Chloru, jak chcesz aptekę, to tu masz wyliczenia WRXa przez 7 lat eksploatacji i 90kkm (start od 15kkm przebiegu, obecnie ok. 107):
Oliwa + przeglądy kontrolne 7x = 5kPLN
Opony 3x = 5kPLN
Klocki+tarcze hamulcowe 1x = 2kPLN (a jak wiemy mam D2, zwykłe kosztowałyby połowę tego)
1 komplet amortyzatorów = 2kPLN za nowe - ale ja np. kupiłam lekko używane AGX za kilkaset zł (komplet) na forum, bo ktoś wymieniał na Teina i jeżdżę na nich od ~30kkm. Przy czym ja mam te cholerne upside-down, więc z automatu drożej. Roczniki do 2005 będą miały taniej.

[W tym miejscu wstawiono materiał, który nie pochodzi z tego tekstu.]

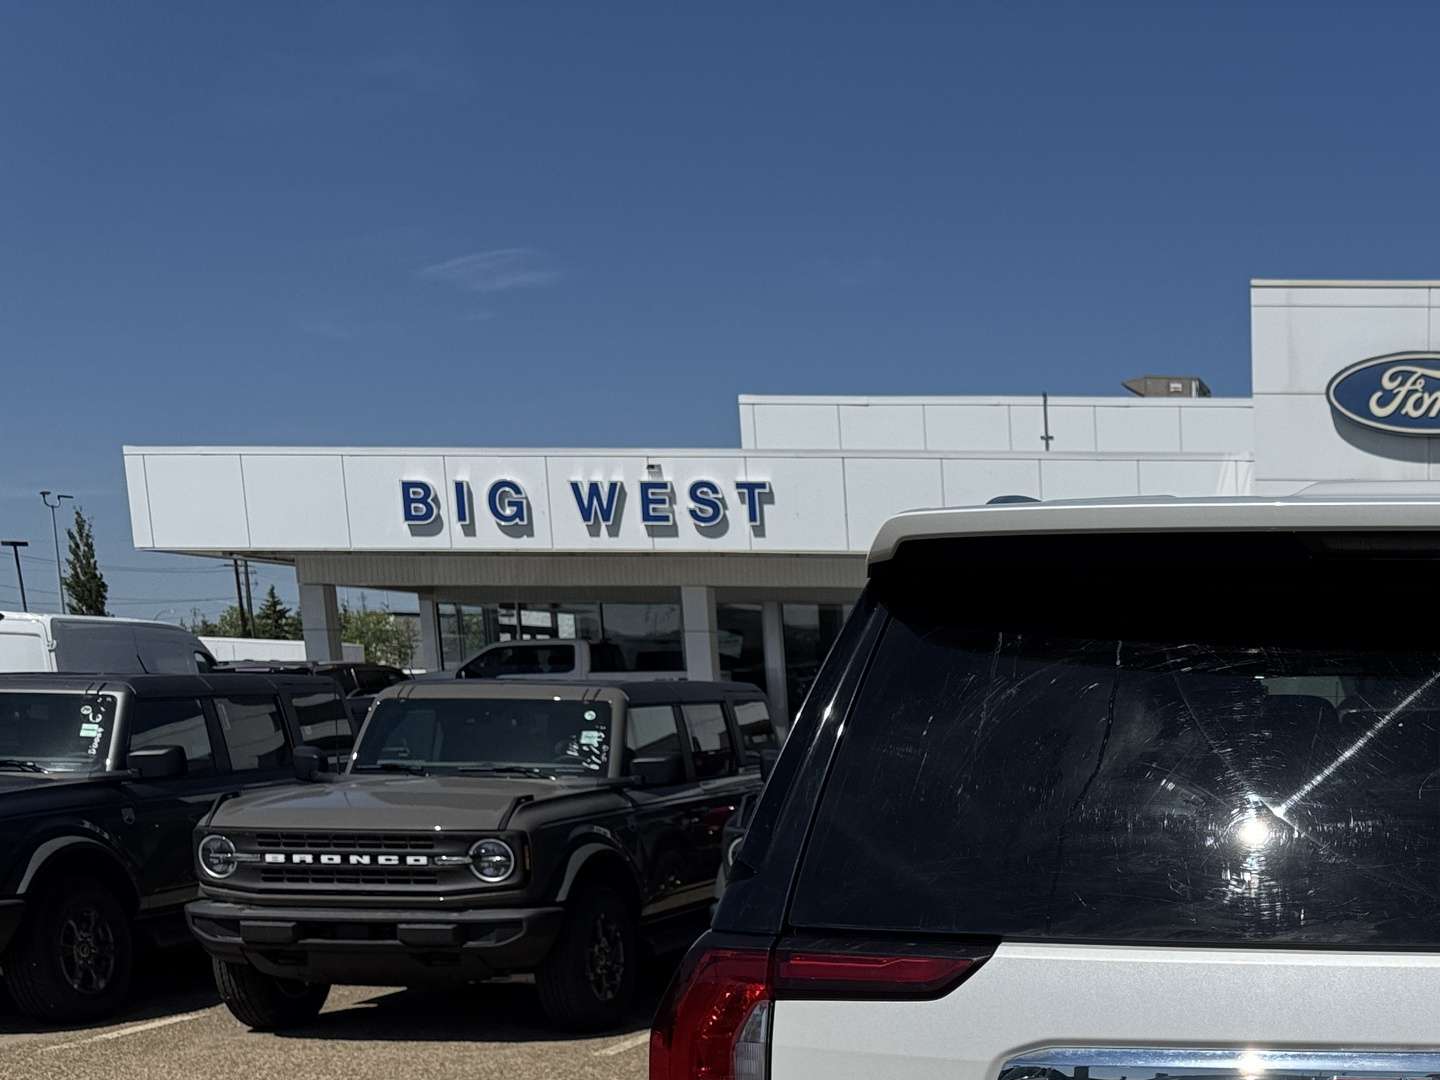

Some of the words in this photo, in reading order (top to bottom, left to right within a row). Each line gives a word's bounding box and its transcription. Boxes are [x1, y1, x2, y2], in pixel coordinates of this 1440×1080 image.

Rozrząd wraz z dużym przeglądem na 100kkm = 4kPLN.
Doliczmy jeszcze profilaktycznie z 1k na jakieś gumki i inne szmery w zawieszeniu, bo kiedyś chyba coś robiłam.
Nie jestem w stanie przypomnieć sobie więcej wydatków. Pomijając fanaberie.
To daje razem 19k, przy czym nie oszczędzam na Subarbie i jak coś trzeba zrobić, to robię.
WRX 2006.
I tak, wiem, że zaraz się dowiem, że moje auto nie jest wymierne, bo było nowe oraz nie upalam. Ale my niewymierni też mamy prawo głosu
Oczywiście warto mieć świadomość, że te auta się kocha, więc chce się robić dla nich więcej niż niezbędne minimum. Więc gdybym miała policzyć ile realnie wpakowałam w auto przez ten czas to na szybko wychodzi mi 3x te 19. Ale to nie były koszty konieczne, ani eksploatacyjne, tylko moje odpały - lakier, oklejenie, radio, zestaw głośnomówiący, hamulec za 4k, wydech, felgi itd.